Secukinumab is a biologic agent known for its durable efficacy in chronic plaque psoriasis (PsO), psoriatic arthritis (PsA) and ankylosing spondylitis (AS). Monitoring the safety of secukinumab is a priority to ensure its long-term usage. We aimed to provide an extended safety assessment of secukinumab treatment in a real-world setting. This bicentric observational study enrolled 332 patients with PsO, PsA and AS who received subcutaneous injections of secukinumab for up to 9 years. Adverse events (AEs) were reported annually as exposure-adjusted incidence rates (EAIRs) per 100 patient-years (pt-y). The total secukinumab exposure was 1129 pt-y. The retention rate was 73%, with 16 (4.8%) of patients discontinuing due to AEs. Despite most AEs being reported within the first 2 years, their incidence was low and decreased over time.
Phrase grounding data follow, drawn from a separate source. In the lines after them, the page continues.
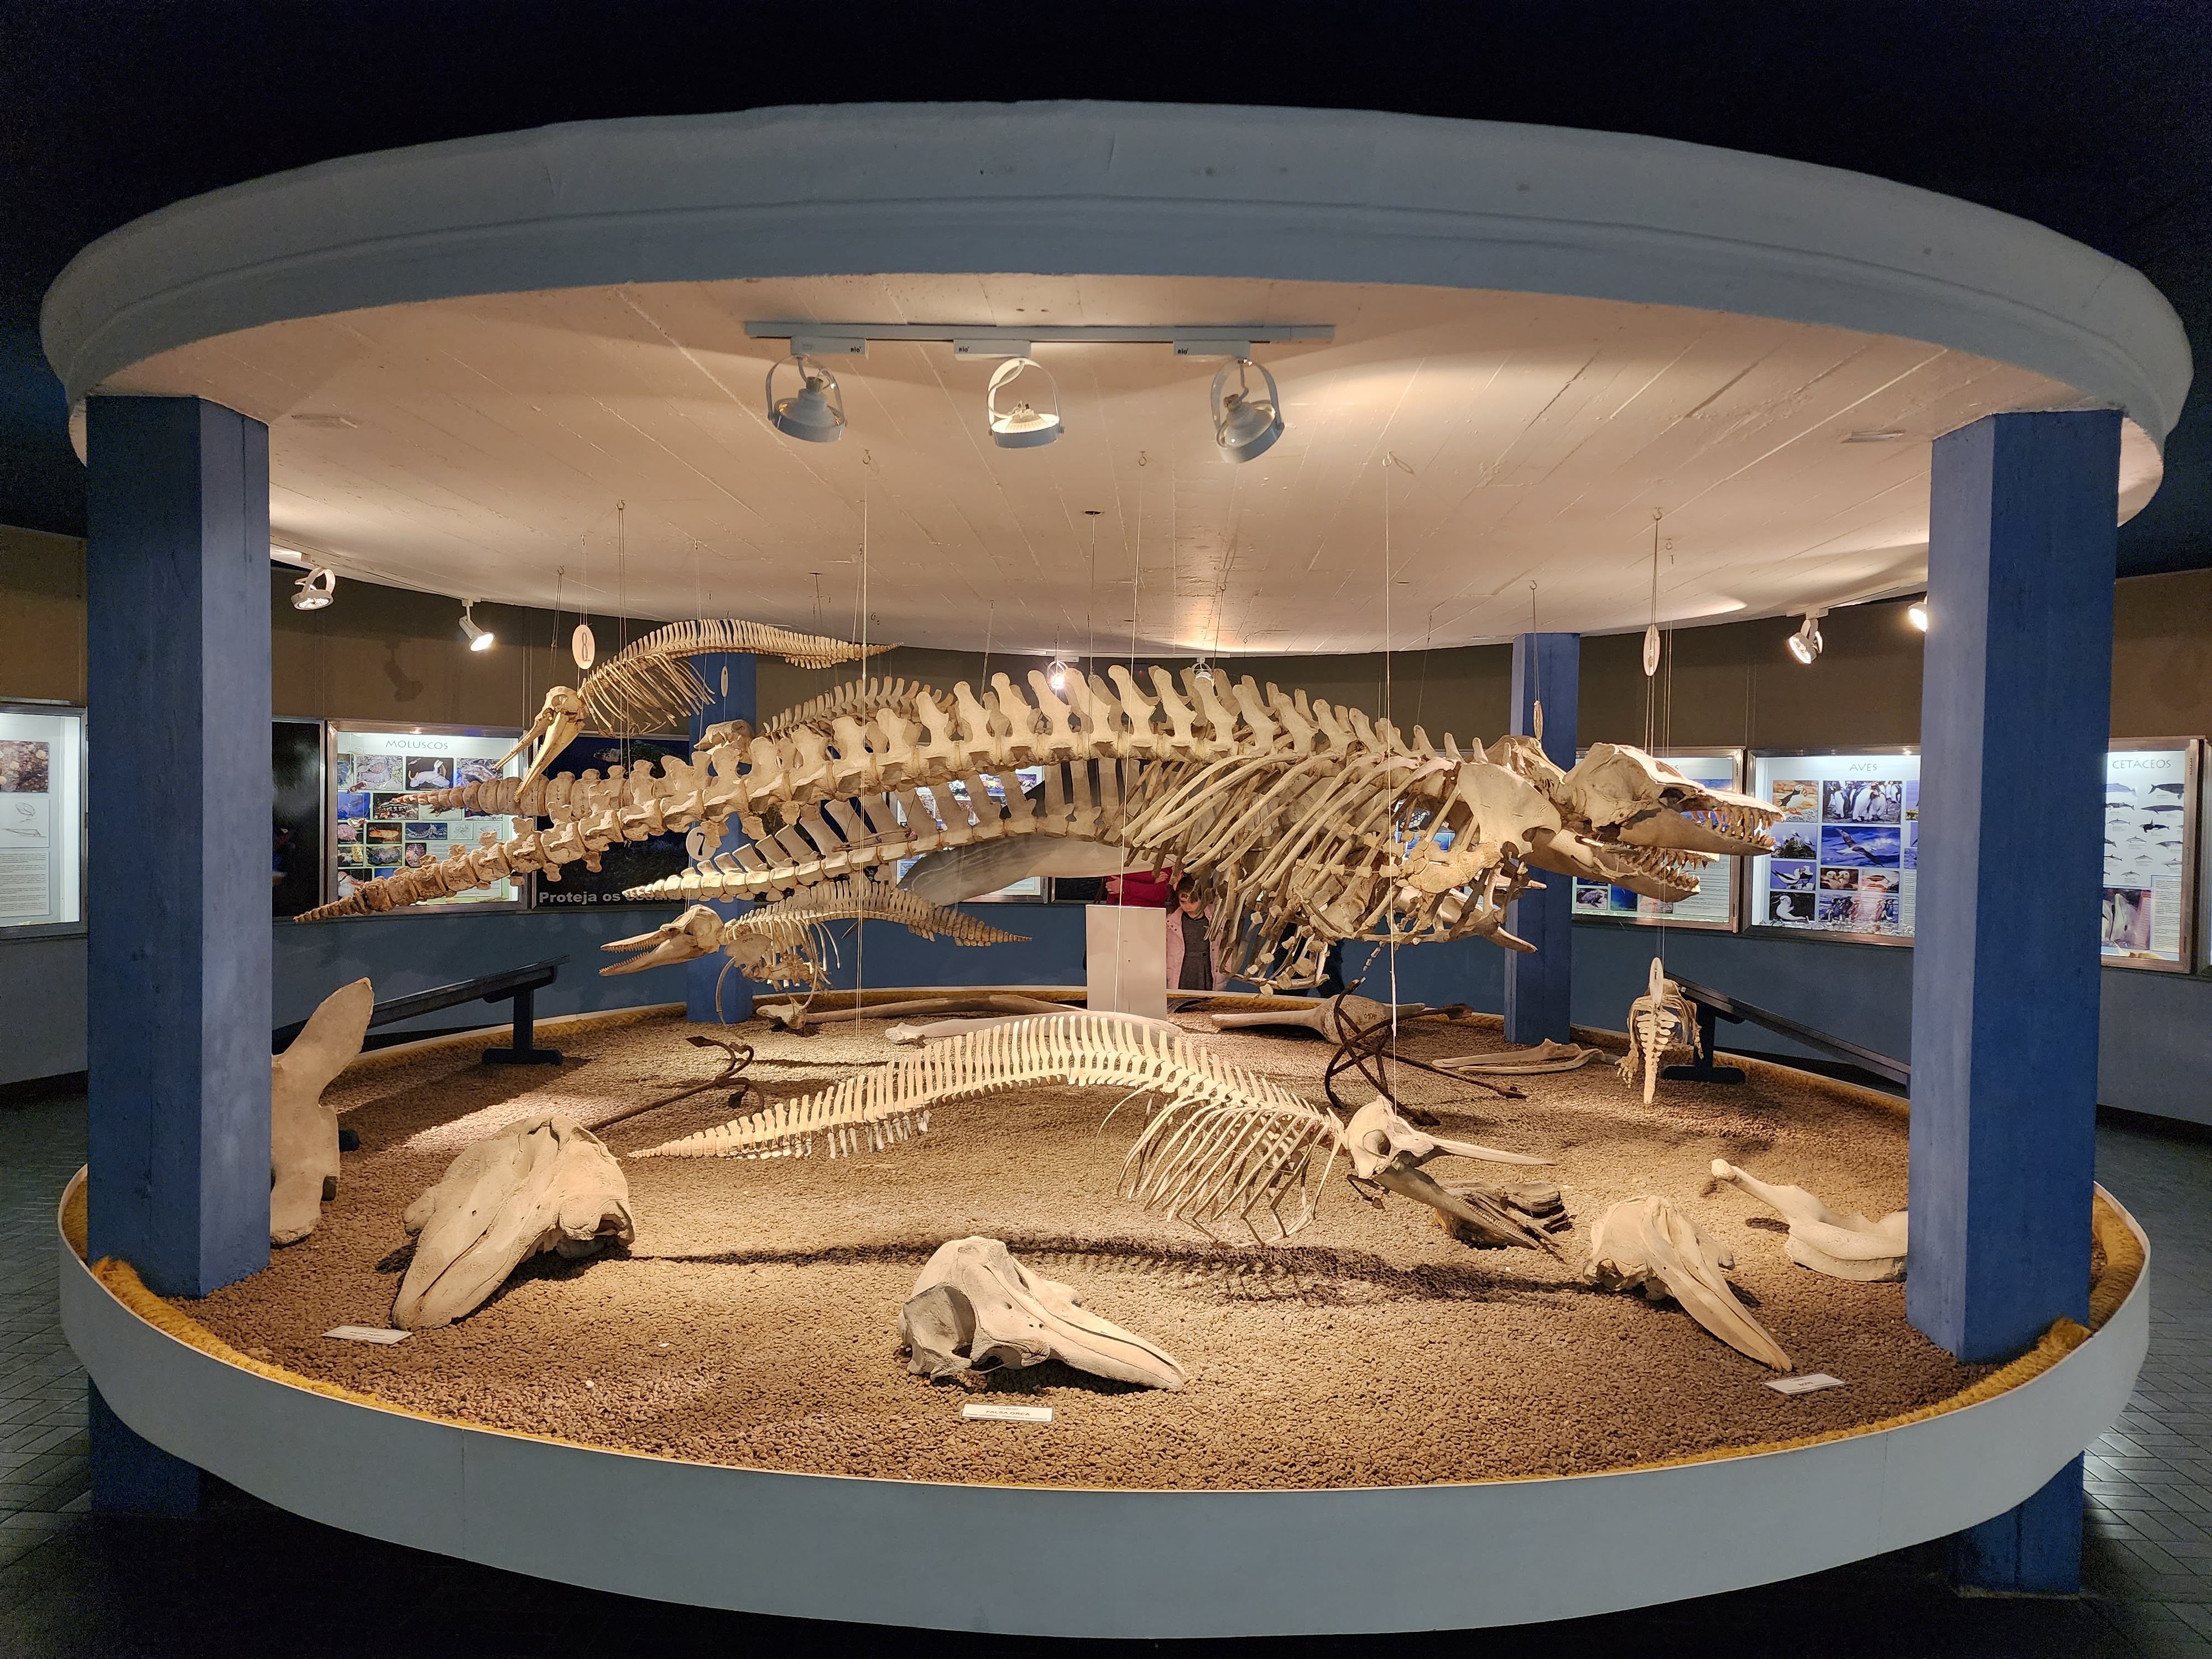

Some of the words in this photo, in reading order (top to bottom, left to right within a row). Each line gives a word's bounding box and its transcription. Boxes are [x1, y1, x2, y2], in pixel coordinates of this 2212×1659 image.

[385, 740, 448, 750] MOLUSCOS
[1849, 763, 1877, 771] AVES
[2112, 758, 2172, 769] CETÁCEOS
[539, 891, 598, 905] Proteja
[602, 893, 621, 902] os
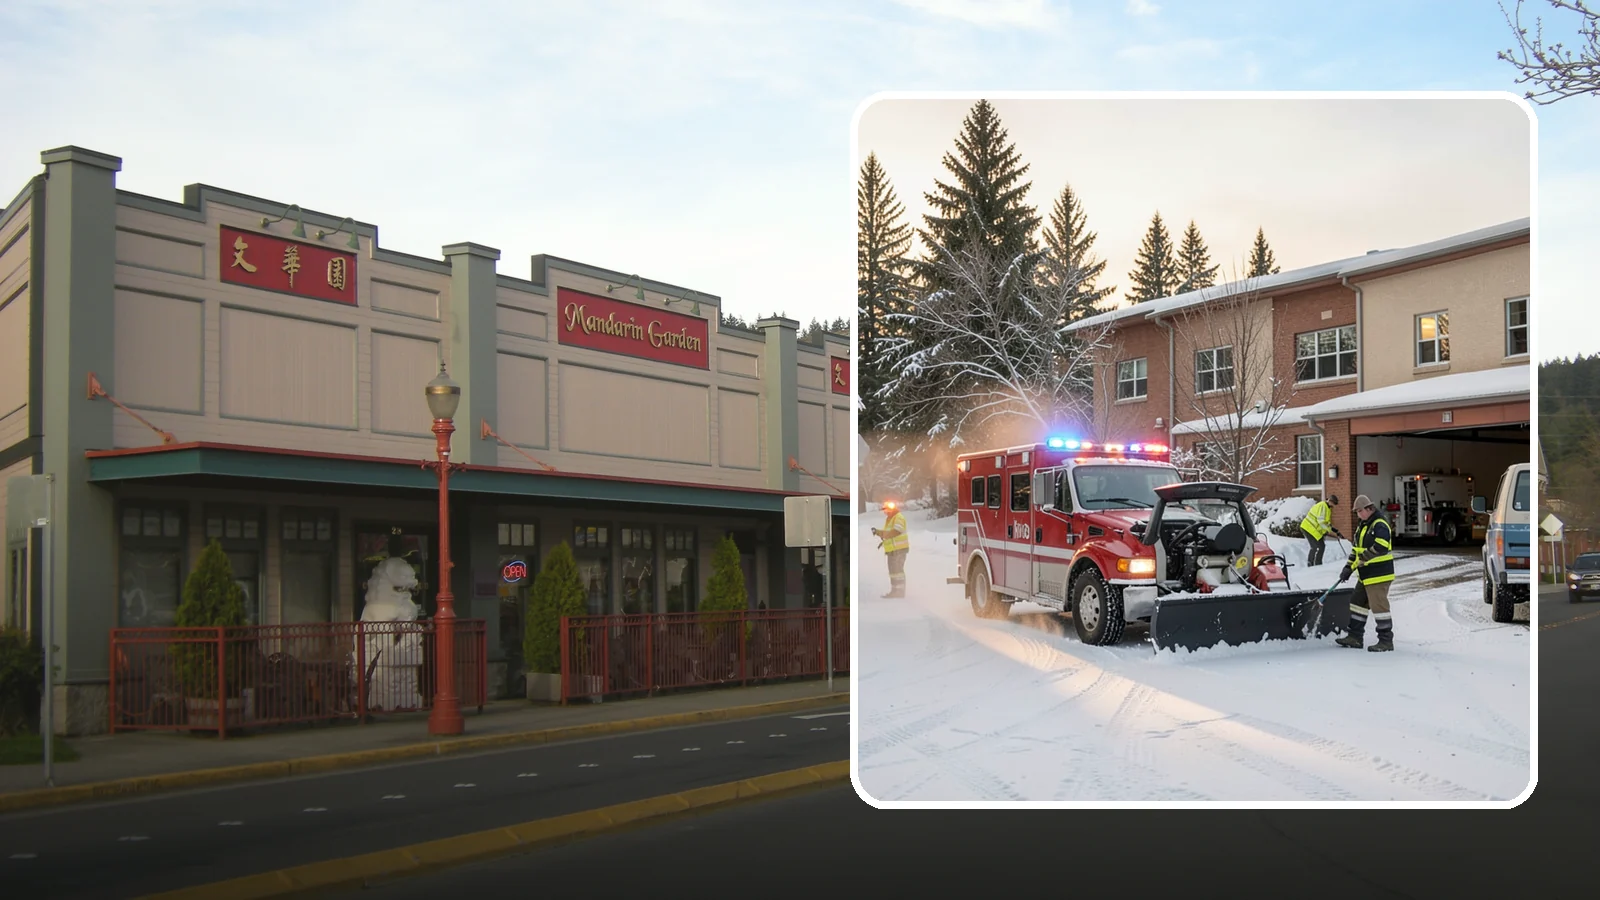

The EAIR of any AEs was the highest in the initial 6 months (32.72/100 pt-y), followed by year 1 (7.62/100 pt-y), and year 2 of treatment (3.01/100 pt-y). Common AEs included respiratory and urinary tract infections, candidiasis, and diarrhoea. Secukinumab showed sustained safety over an extended 9-year treatment period, supporting its use for the long-term management of these immune-inflammatory disorders.